An eight-year veteran of the NYPD, Officer Adrian Schoolcraft has hundreds of hours of tape to share. According to the Village Voice, for two years Schoolcraft carried around a digital recorder to give outsiders an inside glimpse into the day-to-day activities of the officers who work his beat in the Bedford-Stuyvesant neighborhood of Brooklyn. While some of the talk on these tapes strikes some as shocking and others as wrong, the average New Yorker probably shouldn’t be all that surprised. As anyone who lives in New York City is aware, cops are everywhere. As folks who do business or live in Bed-Stuy are very aware, crime is a constant plague on the community.
Breaking the law is never okay, especially for those pinned to enforce the law. That being said, having officers who are weak and “nice” doesn’t do anyone any favors. If the cops can’t be the toughest guys in the room, then the criminals would run roughshod over them. The actions of the 81st Precinct, as reported back from the Schoolcraft tapes, really walk a fine line. While much of the tough-guy bravado that was said in these locker-room exchanges may have been illegal in practice, there is no evidence to indicate much of these things that were discussed really happened at all.
Many of the collected tapes from Officer Schoolcraft were of amateurish activities, pranks and the like. Responses to stress like this are to be expected in the situation of a police officer’s everyday life. According to Yale University’s Dr. J. Douglas Bremner’s website, “Post-traumatic stress disorder (PTSD) is something of an invisible epidemic. The events underlying it are often mysterious and always unpleasant. It is certainly far more widespread than most people realize.” So, when officers are exposed to horrific events and scenes on the job that invoke PTSD, they can often act out in just as mysterious ways.

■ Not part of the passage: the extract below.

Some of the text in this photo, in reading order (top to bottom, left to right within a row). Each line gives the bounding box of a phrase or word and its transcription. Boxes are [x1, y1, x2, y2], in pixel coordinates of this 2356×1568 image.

Some of the Schoolcraft recordings had a darker tone to them. The officers were told to meet quotas but at the same time told to not report other things as crimes. Every person deserves his or her day in court, and not reporting actual crimes against people or robberies where real property is lost or people have been hurt is wrong. At the same time, cops have to pick and choose their battles. Virtually every person who gets into a car every day is breaking the law. The myriad of traffic laws on the books is vast, and like the crime going on in Bed-Stuy and other communities, much of it includes things that are not reported: going a few miles over the speed limit, honoring every quiet neighborhood stop sign, or driving around with a headlight or tail light out for weeks. If every petty lawbreaking incident were cataloged and reported, people would never leave their homes.

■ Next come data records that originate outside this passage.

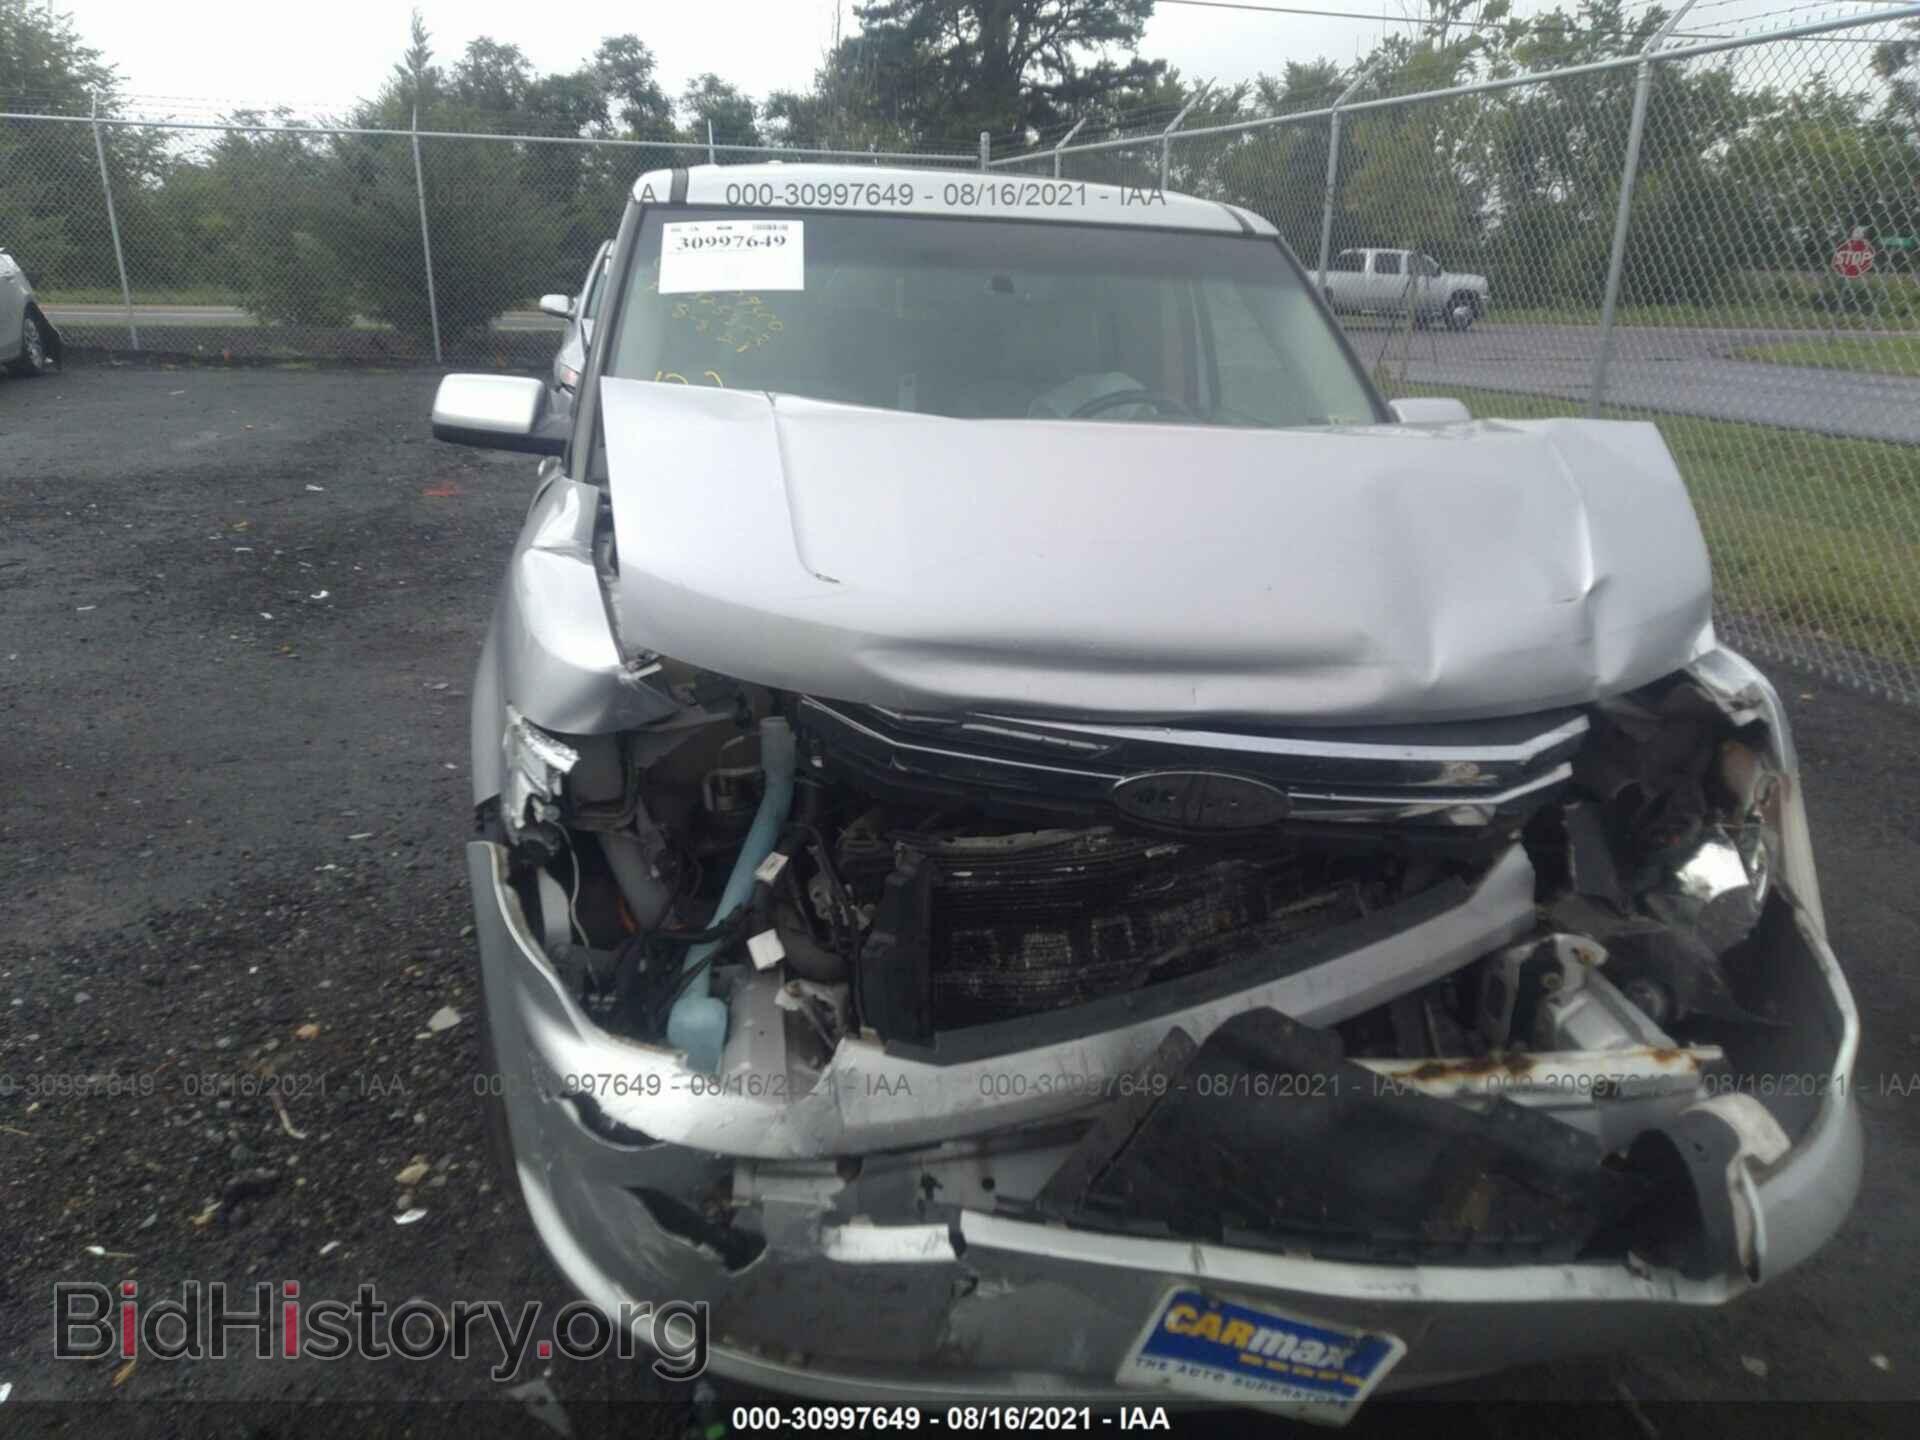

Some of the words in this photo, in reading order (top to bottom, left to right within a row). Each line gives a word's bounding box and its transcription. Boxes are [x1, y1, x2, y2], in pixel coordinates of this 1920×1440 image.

[676, 235, 786, 251] 30997649
[1835, 251, 1875, 265] STOP
[1135, 1358, 1168, 1371] THE
[1177, 1364, 1226, 1382] AUTO
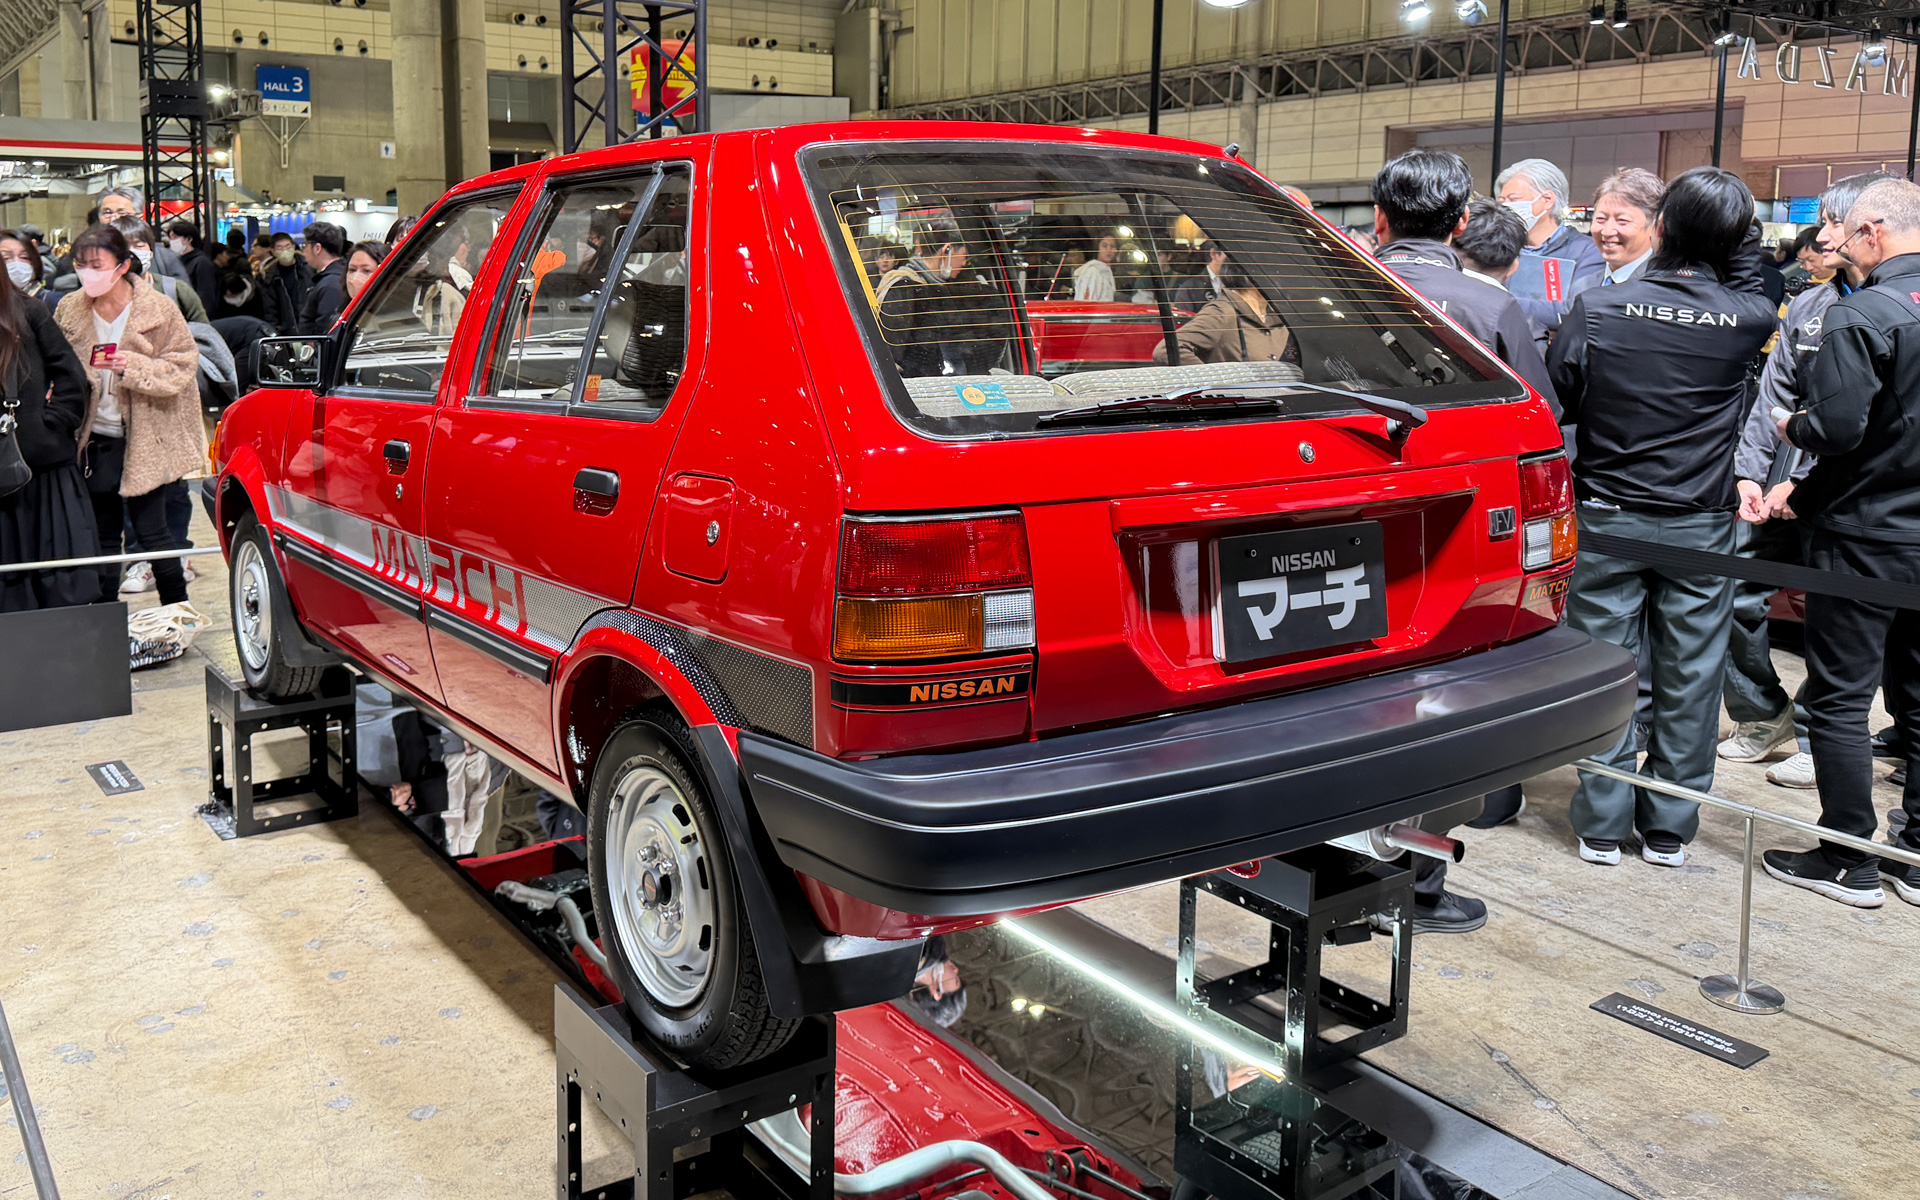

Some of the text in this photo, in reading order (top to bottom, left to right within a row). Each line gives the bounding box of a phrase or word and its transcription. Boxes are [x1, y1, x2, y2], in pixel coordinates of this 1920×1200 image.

[263, 76, 304, 93] HALL 3
[1625, 302, 1738, 328] NISSAN
[1271, 549, 1337, 574] NISSAN
[371, 523, 529, 638] MARCH
[1529, 577, 1571, 601] MATCH
[1237, 562, 1371, 641] マーチ
[909, 676, 1016, 702] NISSAN
[1632, 1005, 1731, 1046] Please do not touch

Police officers stand behind a “Blue Wall of Silence,” and their relationship with press and the public can be tenuous. When Adrian Schoolcraft, according to The Huffington Post, was hauled off by “a police posse … to Jamaica Hospital, where he was kept in its psych ward for six days” against his will and for no reason, that was a problem. The Huffington Post also reported that once Schoolcraft was released from the hospital, he “fled the city and moved upstate.” After which the bosses in Brooklyn “repeatedly sent cops hundreds of miles to bang on his door and threaten him with reprisals if he did not return.”

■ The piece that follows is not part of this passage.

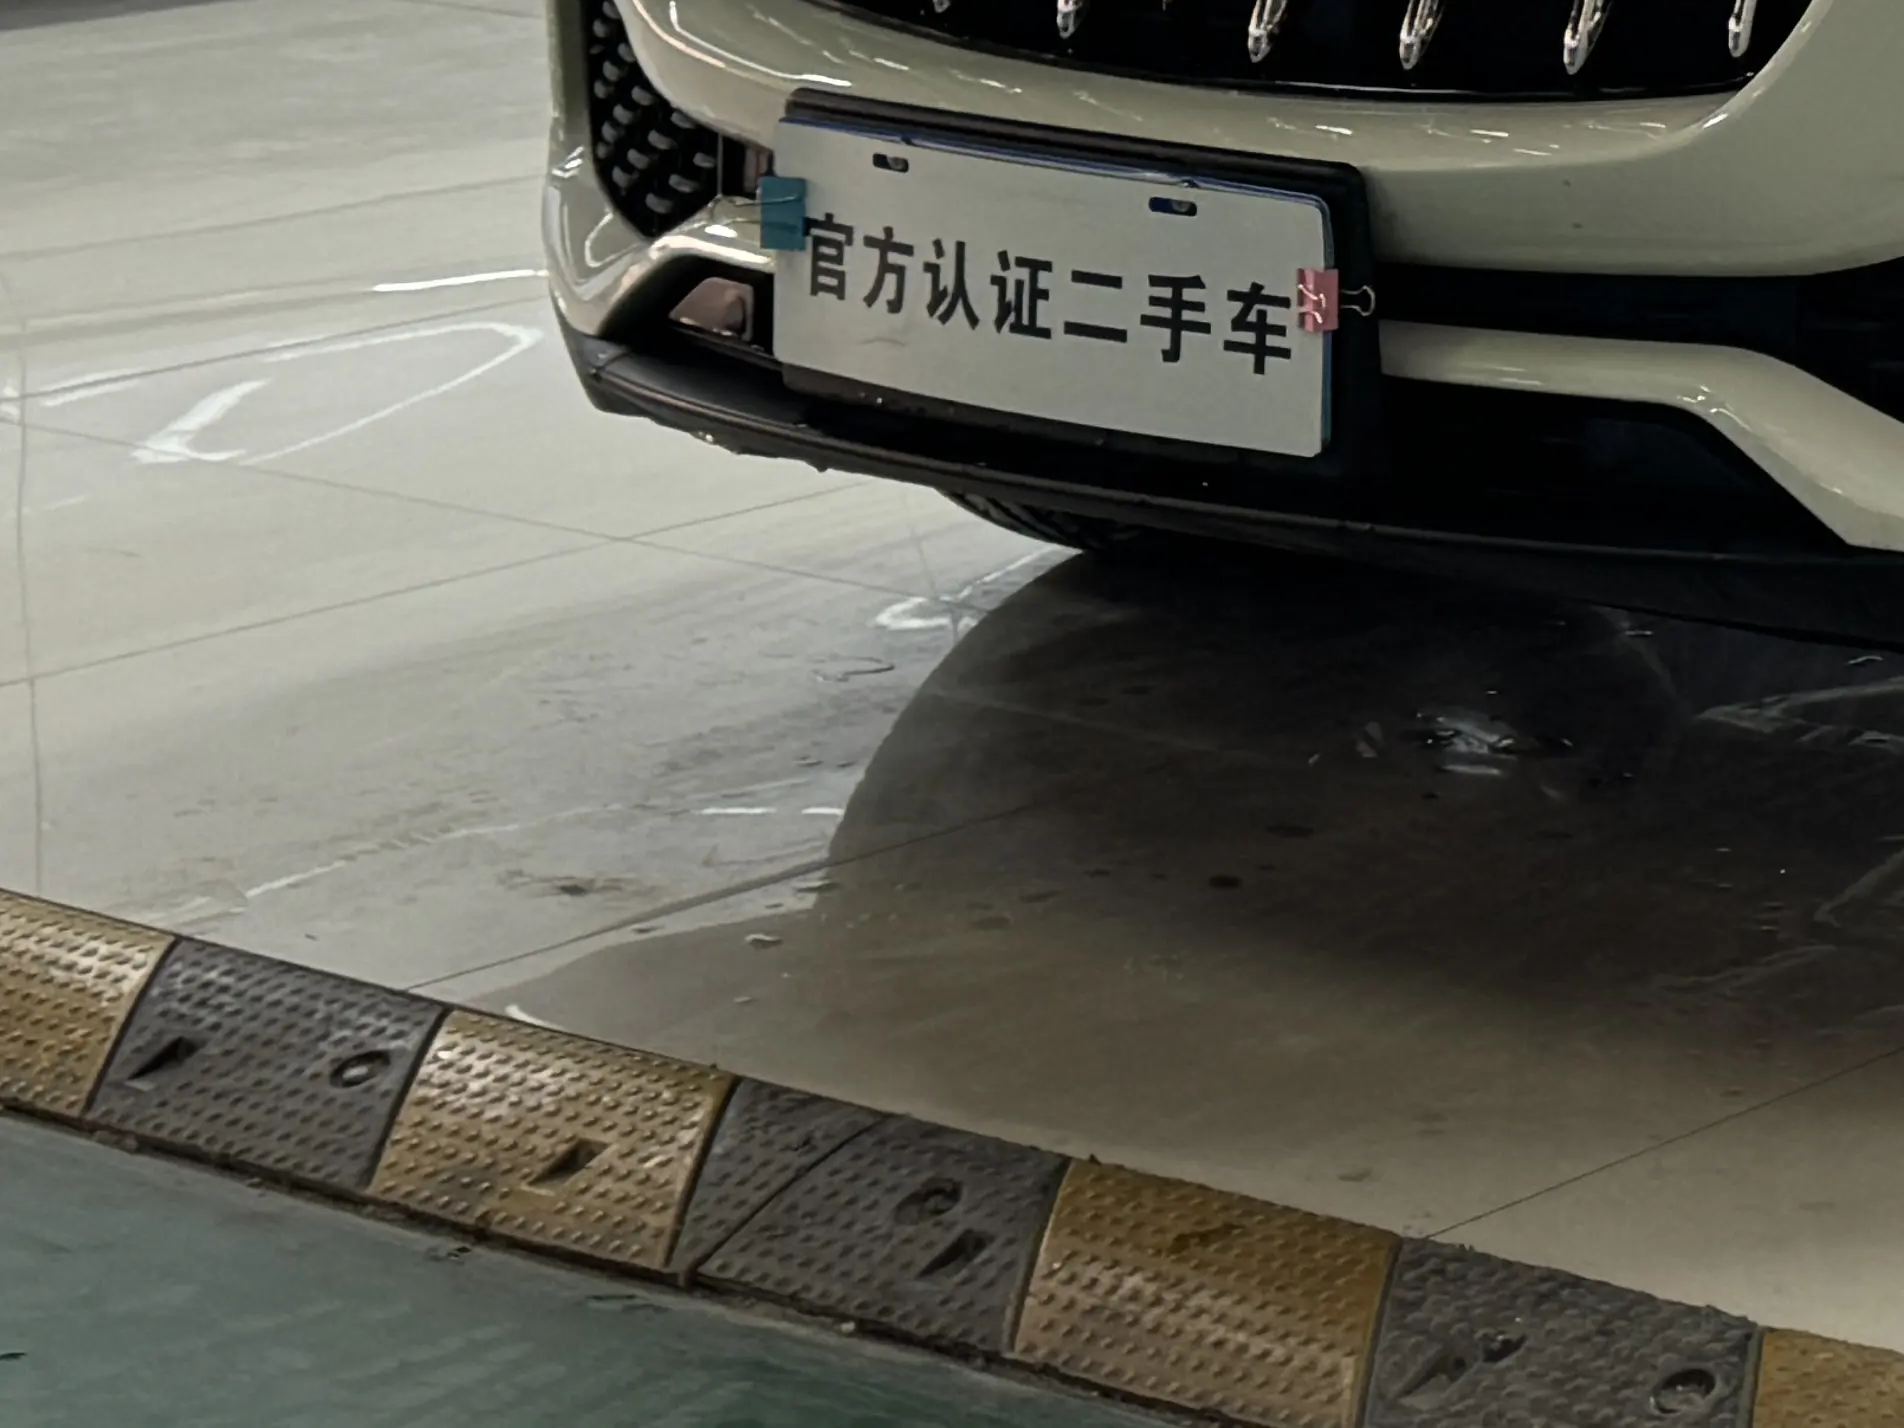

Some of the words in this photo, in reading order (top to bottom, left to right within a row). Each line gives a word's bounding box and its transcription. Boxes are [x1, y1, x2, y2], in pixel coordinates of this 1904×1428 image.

[804, 212, 1293, 375] 官方认证二手车

As a former officer in training, I feel torn. Of course, there is this understood level of disclosure that officers are supposed to obey. At the same time, when things are being done that are out of turn, someone has to blow the whistle, or there will never be any impetus to instigate change. Adrian Schoolcraft may have to be the sacrificial lamb in this case so that real reform can take hold.
Or nothing can be done, nothing will change and all this corruption will remain.